Thursday, November 11, 2010

Graft: Ngilu offers defence to House team






Water and Irrigation minister Charity Ngilu makes her presentation over corruption allegations in her Ministry to The House Committee on Lands and Natural Resources at Parliament Buildings November 11, 2010. HEZRON NJOROGE
Water and Irrigation minister Charity Ngilu makes her presentation over corruption allegations in her Ministry to The House Committee on Lands and Natural Resources at Parliament Buildings November 11, 2010. HEZRON NJOROGE 
By JOHN NGIRACHU
Posted Thursday, November 11 2010 at 16:20

Water and Irrigation minister Charity Ngilu has presented her defence over corruption allegations in her Ministry to Parliament’s Committee on Lands and Natural Resources.

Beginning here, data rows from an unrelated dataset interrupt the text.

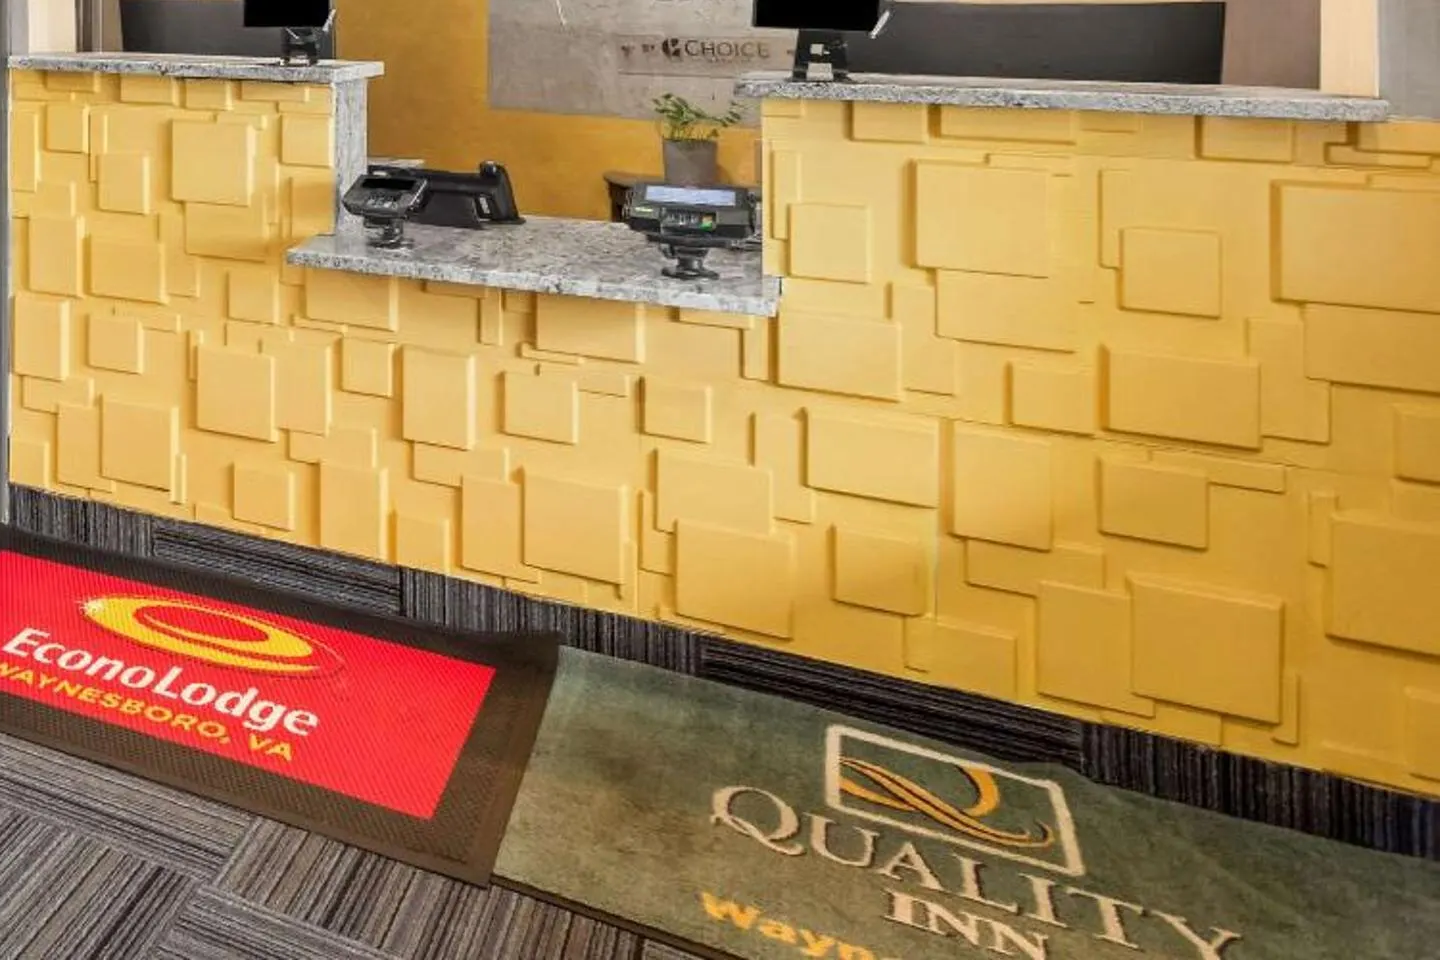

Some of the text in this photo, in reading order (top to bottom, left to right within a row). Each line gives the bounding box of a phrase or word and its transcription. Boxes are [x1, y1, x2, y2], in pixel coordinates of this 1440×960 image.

[685, 39, 770, 59] CHOICE
[1, 627, 319, 736] EconoLodge
[248, 733, 293, 762] VA
[710, 785, 1243, 960] QUALITY
[700, 891, 902, 960] Wayn
[881, 887, 1050, 960] INN

Mrs Ngilu said she was surprised when her former assistant, Mwangi Kiunjuri, linked his transfer to Public Works to his failed efforts to stem corruption at the ministry.
She said she had worked well with Mr Kiunjuri in his two years at Maji House and the issues he was raising had been dealt with along with many others at the ministry.
“I don’t understand why these things about the Ministry of Water had had to come out even though they were known to me and him and we worked together,” she told the team chaired by Gachoka MP Mutava Musyimi.
Mrs Ngilu said the ministry was virtually inexistent when she took over in 2008 and that it has performed very well since then, with four major dams under construction in several parts of Kenya.
“In the past, the Ministry of Water was not supposed to give Kenyans water. It was supposed to be a conduit (for the theft of money),” said Mrs Ngilu.
But she found it hard to explain why Mr Kiunjuri has made his accusations and admitted that the ministry is being investigated by three government agencies and an audit firm.
Mr Musyimi wondered why Mr Kiunjuri would be on the warpath against the minister yet she claimed their relationship had been “hunky dory".
The Laikipia East MP said last Wednesday the minister was linked to eight companies and a Non-Governmental Organisation that had been dealing with the ministry.
Mrs Ngilu was non-commital in her reply to this but said the March report of the Water Services Regulatory Board and the investigations of the KACC would reveal the truth.
The minister said apart from an audit of the National Water Conservation and Pipeline Corporation by KPMG, the Efficiency Monitoring Unit, the Kenya Anti-Corruption Commission and the Kenya National Audit Office are also looking into activities there.
Mrs Ngilu said the investigations “are an everyday thing”.
“The investigations are so much that the place (Maji House) is fatigued. Not that I mind it but we can’t work. If we have KPMG, EMU, KACC, KNAO, it becomes difficult to work,” she said.
Mrs Ngilu said an attempt to unearth the truth about the activities at the NWCPC stalled when there was a fire there a day before the ministry’s internal audit report was released.
The committee has been investigating the September 2009 fire and was also concerned that the ministry is yet to present a report on its cause five months after they asked for it.
Mrs Ngilu had a pile of files and other documents and was accompanied by assistant minister Ferdinand Waititu, Permanent Secretary David Stower and other ministry officials.
Mrs Ngilu was asked to present a report on the goings-on at the ministry, and there were negotiations on the time she would take to compile it before agreeing on 21 days.
The minister detailed to the committee the process that led to the refusal to pay one of the ministry’s suppliers some Sh512 million after it was discovered there were no procurement documents to support the claim.
She said some staff at the NWCPC had been sacked when it was discovered they had been involved in irregular procurements.
One supplier was said to have made a claim for hiring out vehicles yet had used motorcycles instead.

Mrs Ngilu and Mr Kiunjuri have been barred by the Speaker of the National Assembly from making any statements outside their submissions to the committee.